Josh’s month has been packed as he’s teaching experiential outdoor classes every weekend in addition to teaching “classroom” courses (all for Community College) and running custom events.  From climbing to caving to canyoneering, the outdoor trips are as interesting as they are exhausting.  When we were first together I felt a little jealous that Josh would spend every weekend out on a fun adventure then wouldn’t have any time or energy left to do anything with me.  So he encouraged me to come along with him on a couple trips.  Doing so changed my attitude.

Josh is fortunate to do what he loves.  He has a fabulous job that’s a great fit for him.  But I know it’s hard work that’s not for everyone.  The work starts before every trip as he spends hours shopping for food, packing and organizing gear and responding to student questions.  Some of them are pretty weird, requiring some patience and tact.  Like the girl who wrote to ask whether “car camping” meant that the whole class would be sleeping together in the single van that they all travel in.

After spending two hours in that van with 12-14 strangers, Josh then gets to guide them through the day’s adventures.  Here, he plays the role of guide and gear-schlepper extraordinaire.  He often travels twice the distance as his students, running ahead of them to make sure the path is clear, then back again to the end of the line to make sure everyone’s still in it. And he usually carries a pack that’s twice as large.  In canyoneering for example, the students are already carrying a good amount of personal gear such as wetsuits and helmets, so Josh gets stuck with everything else; the ropes, hardware and other weighty gear.  The best part is that during the day, it all gets wet, so on the hike out the pack weighs twice as much as it did on the way in.

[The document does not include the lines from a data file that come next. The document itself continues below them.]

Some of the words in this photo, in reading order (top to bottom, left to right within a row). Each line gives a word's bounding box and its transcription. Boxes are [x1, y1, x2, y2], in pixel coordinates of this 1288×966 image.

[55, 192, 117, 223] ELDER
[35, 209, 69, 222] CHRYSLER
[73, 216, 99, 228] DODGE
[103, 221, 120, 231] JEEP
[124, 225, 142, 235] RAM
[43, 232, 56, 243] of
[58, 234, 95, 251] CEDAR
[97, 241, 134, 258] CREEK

Then, back at camp Josh turns into master of camp cuisine. He whips up tasty concoctions that simmer in carefully stacked Dutch-ovens.  Tortilla pie and brownies and night then up again early to make pancakes and eggs.  He stays motivated to complete this chore by entertaining himself with student eating contests.  Nobody’s eating their veggies?  He’ll take care of that by daring them to eat the biggest handful of lettuce, straight out of the bag.  Deeeelicious!

Finally, since these are classes after all, he does play coach and counselor.  These definitely aren’t the type of classes that you just stand in front of and lecture. More often, Josh will be standing over five inexperienced belayers, watching them like a hawk to make sure all the climbers return home safely.  In this role he gets to create a quasi-cohesive and supportive team out of 10-20 strangers.  When the group includes one of those special people that are just a little harder to get along with, Josh gets to be the one that takes the lead in being their buddy.

In the climbing class, there is often the cocky 18-year-old that thinks he’s invincible. Josh gets to diplomatically reign him in a little – trying hard is good, popping a tendon, not so much.  Perhaps the most awkward situation for him is the out-of-shape girl on the caving trip.  There’s always one.  And she always approaches that narrow, unyielding passageway with complete confidence.  Then, in the complete darkness of the cave, she’s fully confronted with what no mirror can show her – she’s bigger then she thought she was.  Thankfully, professor Josh is there to comfort her until she stops crying and continues on.

So, I’ll just stay at home, thank you – maybe spend the weekend with other friends or on my own projects. I’ll just be sure to have dinner ready for him when he gets home…and maybe a massage.